In order to do that we are going make use of a panel data analysis where GDPpc will be our dependent variable and the analysis is going to be done in an international context at country level. We will basically explore the role of four variables that are geographical distance, economic similarity, social and cultural similarity and trade closeness that will be calculated by the application of nearest neighbor method. For the construction of most part of variables, mainly economic similarity and trade closeness, we will work in an input-output framework because of its capacity to capture linkages among countries. MRIO framework is a useful tool to study these kind of issues as this let us capture issues such as technological and spatial spillovers or technological regional patterns (see Capello (2013)). As a main database we will use EORA that covers 190 countries and the period 1990-2015 (see Lenzen et al. (2013)). The rest of variables will be built with data from the World Bank following the most common indicators used in economic literature (for instance, linguistic distance). We expected as a results to be all of them significant although economic similarity and trade closeness with higher coefficient and increasing trend of its effects.
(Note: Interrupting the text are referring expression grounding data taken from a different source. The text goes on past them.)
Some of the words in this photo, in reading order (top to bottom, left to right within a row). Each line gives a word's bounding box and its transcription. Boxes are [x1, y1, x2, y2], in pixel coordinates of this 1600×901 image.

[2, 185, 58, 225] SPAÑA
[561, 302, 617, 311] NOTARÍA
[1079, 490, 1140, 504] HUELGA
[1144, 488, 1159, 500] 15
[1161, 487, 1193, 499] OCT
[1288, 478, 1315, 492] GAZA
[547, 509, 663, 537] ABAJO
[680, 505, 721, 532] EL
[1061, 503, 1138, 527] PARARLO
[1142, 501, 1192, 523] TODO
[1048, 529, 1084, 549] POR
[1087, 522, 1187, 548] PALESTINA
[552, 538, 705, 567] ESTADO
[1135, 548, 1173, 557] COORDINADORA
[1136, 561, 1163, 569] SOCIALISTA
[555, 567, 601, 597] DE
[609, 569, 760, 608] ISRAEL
Ms Ditte Håkonsson Lyngemark
Ph.D. Student
Kraks Fond & University of Copenhagen
FDI Spillovers and Geographical Proximity - Evidence from Denmark
Author(s) - Presenters are indicated with (p)
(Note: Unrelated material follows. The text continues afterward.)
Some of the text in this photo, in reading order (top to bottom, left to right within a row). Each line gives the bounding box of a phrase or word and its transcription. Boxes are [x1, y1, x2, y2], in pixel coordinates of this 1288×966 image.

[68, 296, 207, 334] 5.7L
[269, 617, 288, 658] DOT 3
Ditte Håkonsson Lyngemark (p), Ismir Mulalic , Cecilie Dohlmann Weatherall
Abstract
Lately Denmark, like many other countries, has focused on attracting and sustaining foreign direct investments (FDI) because FDI is seen as an important source to knowledge, growth and jobs. However, studies have found both negative and positive effects of FDIs on domestic firms’ productivity. Where previous studies have investigated the vertical and horizontal spillover effects related to the sector, we analyze geographical proximity and investigate how proximity to FDIs influence the total factor productivity (TFP) spillovers to domestic firms. We do this by employing a unique dataset on FDIs including Greenfield Investments (GIs) and Mergers and Acquisitions (M&As) in Denmark and a full population of geo coded micro-level panel data for Danish firms. We find that it is important to take proximity into account when estimating the relation between GIs and M&As on domestic firms’ TFP. Also, we find positive significant correlations for vertical spillovers from both GIs and M&As on domestic firms’ TFP. For horizontal spillovers from M&As, we see a negative relationship between fulltime employees in M&As and domestic firms’ TFP, which could indicate a negative competition effect.
Prof. Nadine Levratto
Full Professor
Economix, Cnrs, University Paris Nanterre
Firm soundness and knowledge externalities: a comparative regional analysis
Author(s) - Presenters are indicated with (p)
Nadine Levratto (p), Giusepe Arcuri, Aziza Garsaa, Lara Abdel Fattah
Abstract
This paper investigates the role of regional context with regard to human capital and knowledge spillover effects in SMEs’ financial soundness. Our empirical setting is based on the multilevel analysis for panel data, which better allows for the treatment of hierarchical data. It is applied to firms belonging to the industrial sector and operating in four European countries over the 2010–2015 period. We find that a combination of individual- and regional-level characteristics explain firm soundness more accurately than individual features alone. Furthermore, we find that a higher local educational level and knowledge spillover improve the firm soundness.